Things We Really Like About This Model

  • Rental assistance is the real lynchpin that makes eviction diversion possible. However, many jurisdictions we have heard from have faced challenges in making sure that parties know how to access that fund. By integrating it directly into the eviction dispute resolution process, the Philadelphia program greatly reduced the chance of parties missing that opportunity.
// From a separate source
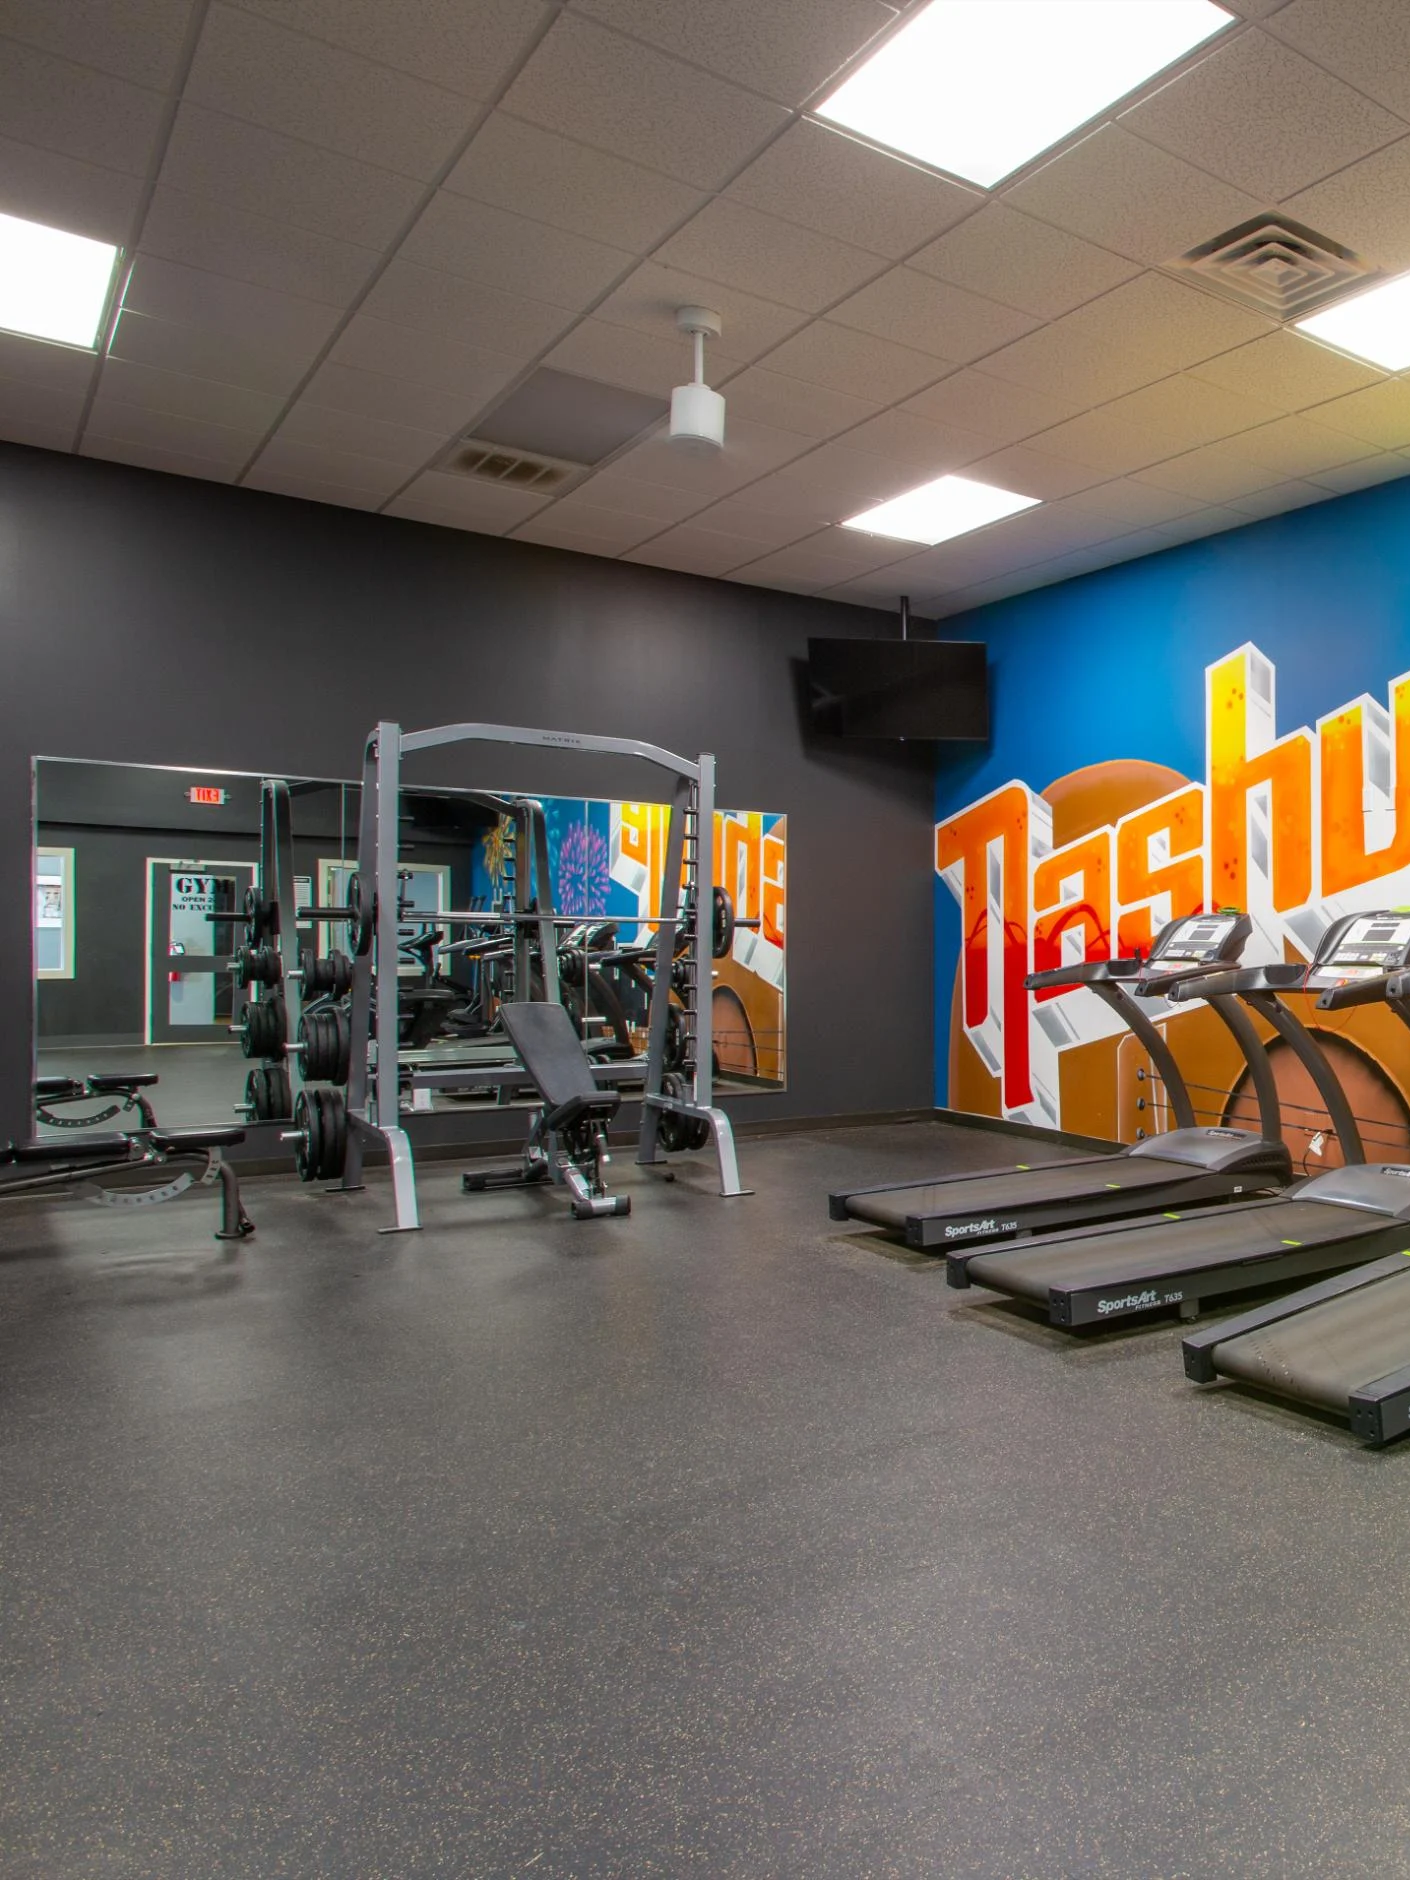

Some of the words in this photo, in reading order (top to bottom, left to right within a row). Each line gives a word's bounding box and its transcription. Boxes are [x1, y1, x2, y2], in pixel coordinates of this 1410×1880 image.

[172, 903, 187, 911] NO
[945, 1219, 996, 1238] SportsArt
[1097, 1289, 1158, 1315] SportsArt
[1164, 1291, 1184, 1304] T635
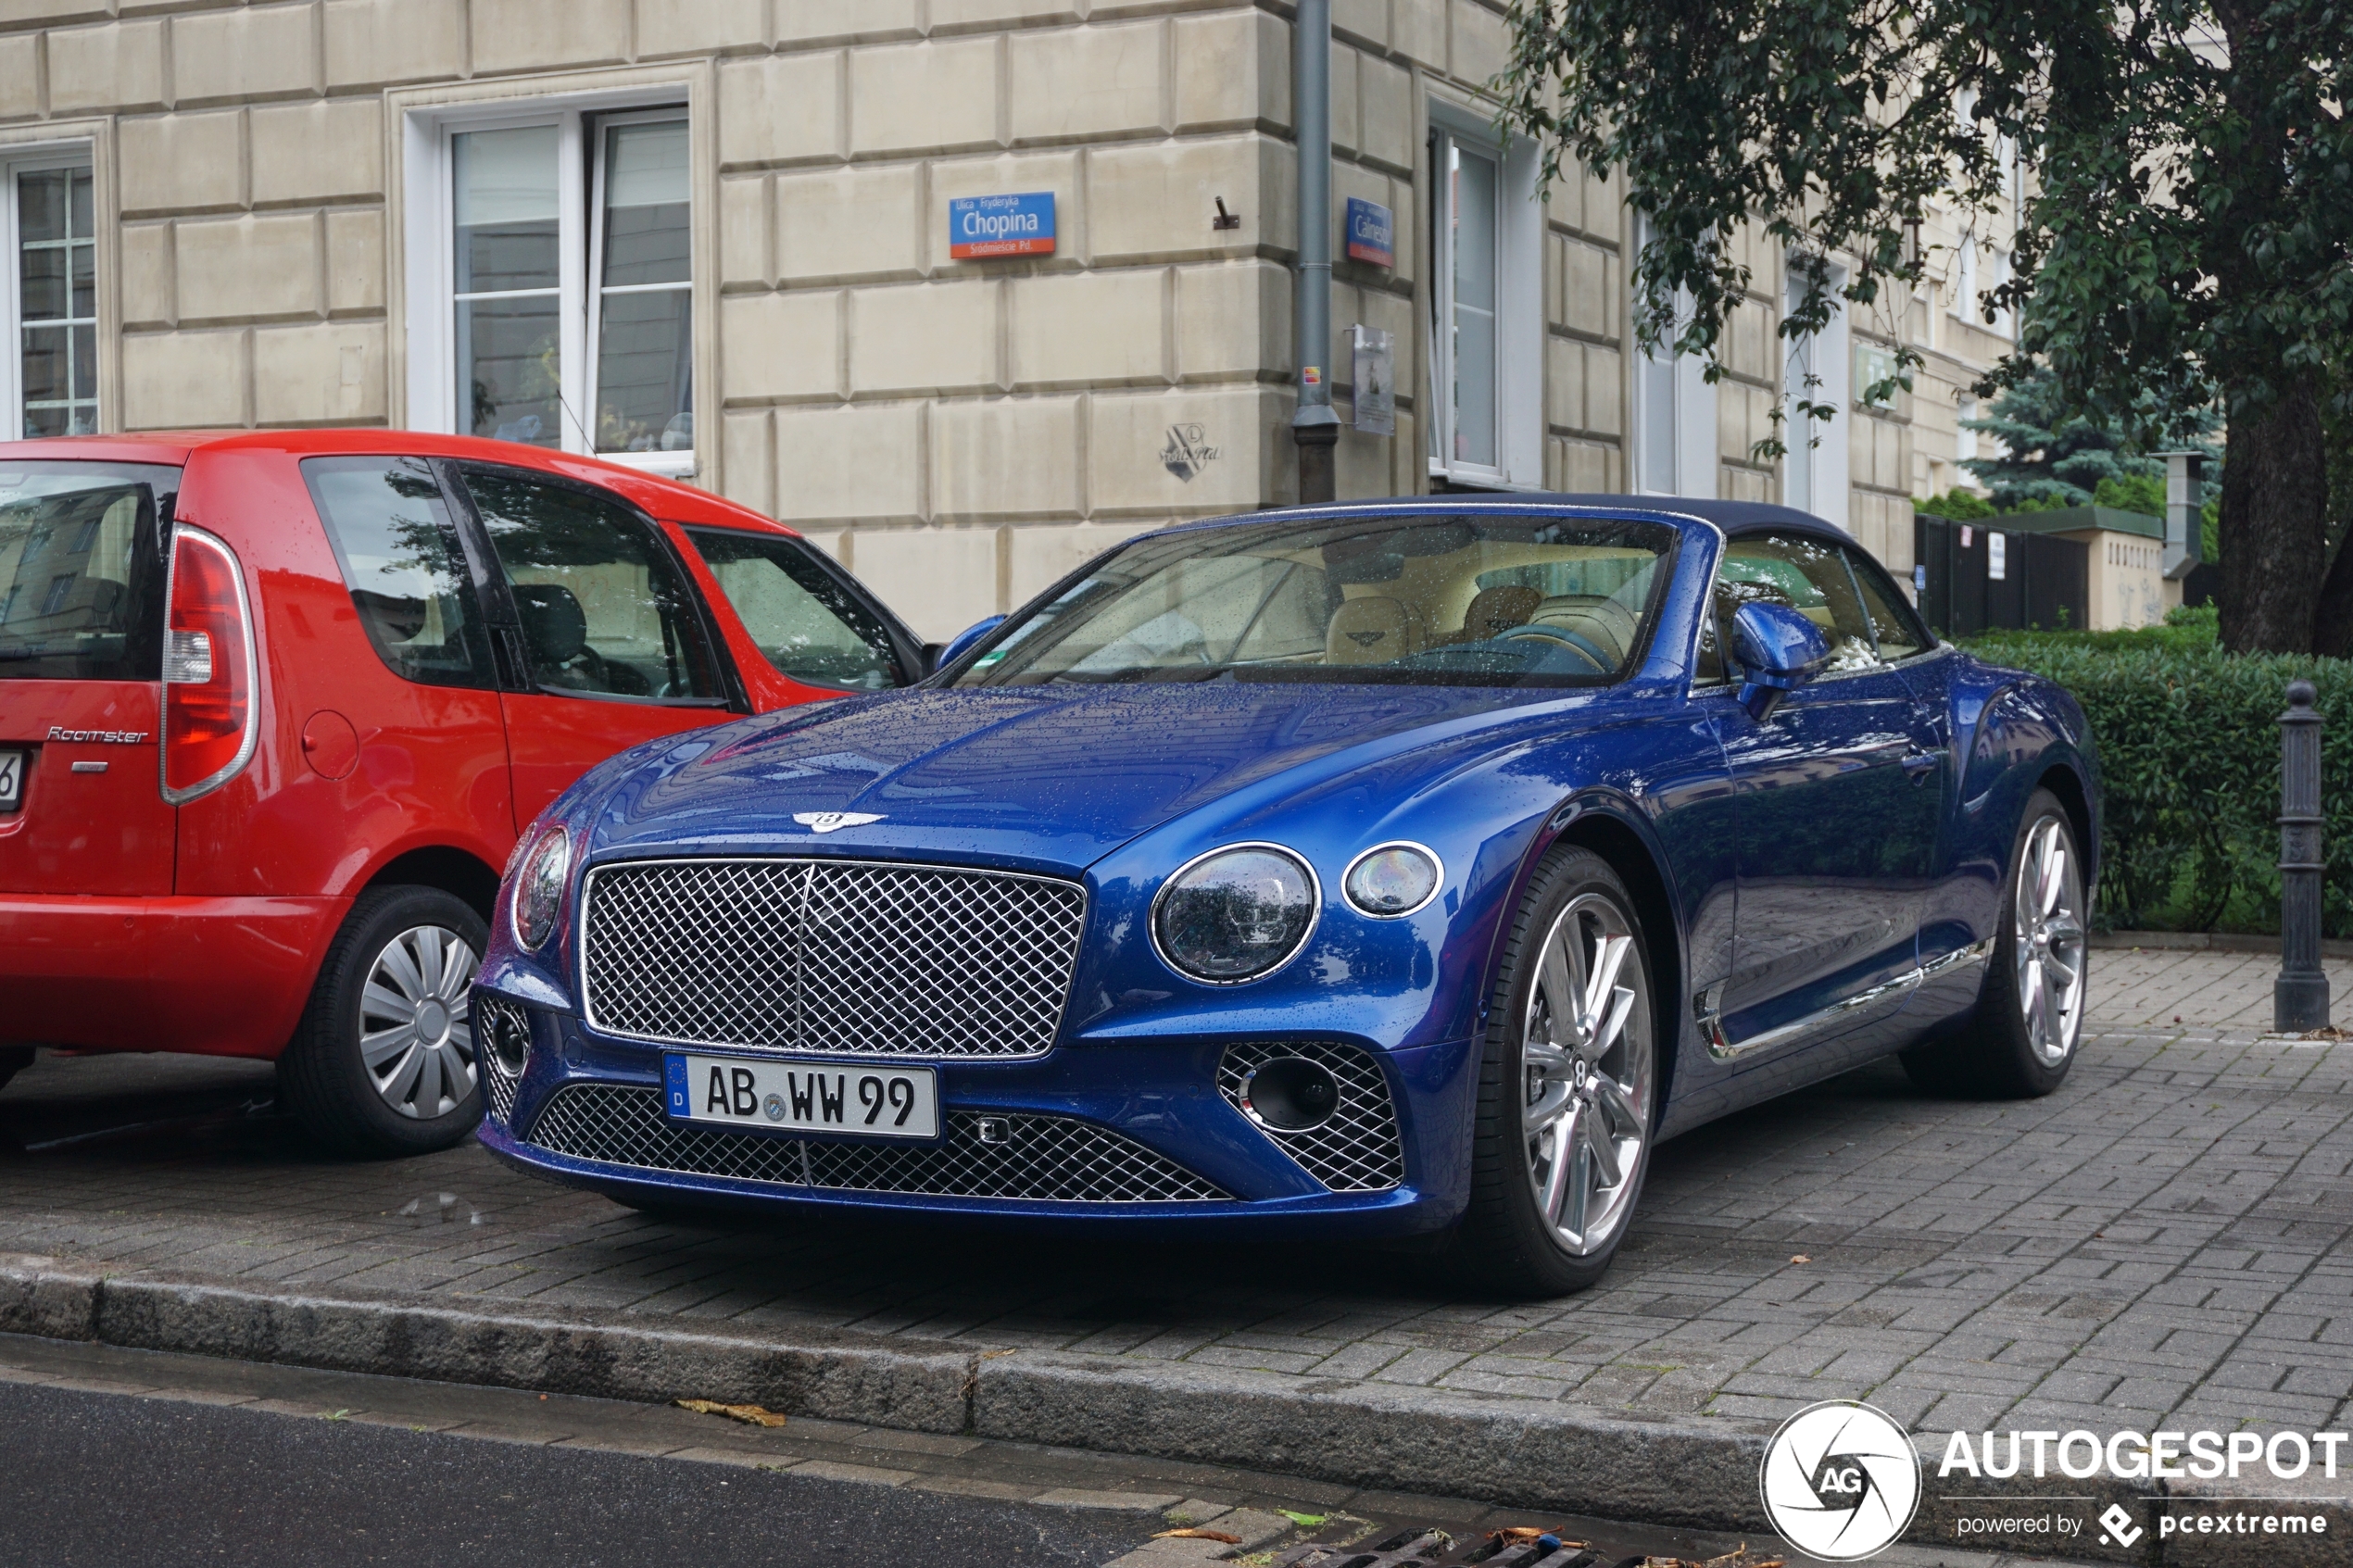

  • The ability/infrastructure to capture parties pre-filing lessens strain on the court system. Additionally, unless the jurisdiction has mechanisms to seal eviction filings in place, the filing itself could be tremendously detrimental to the tenant’s future housing prospects.
  • Requiring ledgers can bring much needed clarity to a dispute. Determining the exact amount owed and how that figure is calculated is a frequent focus in mediation, and making that document a necessity can provide parties a helpful reference to inform the conversation.
  • The new web portal is another nice engagement point that hopefully diverts further cases from eviction. Every dispute is unique, and not all of them will need full-blown mediation to help serve the parties. Giving parties some self-help tools to communicate, exchange information, and negotiate may be sufficient for some disputes.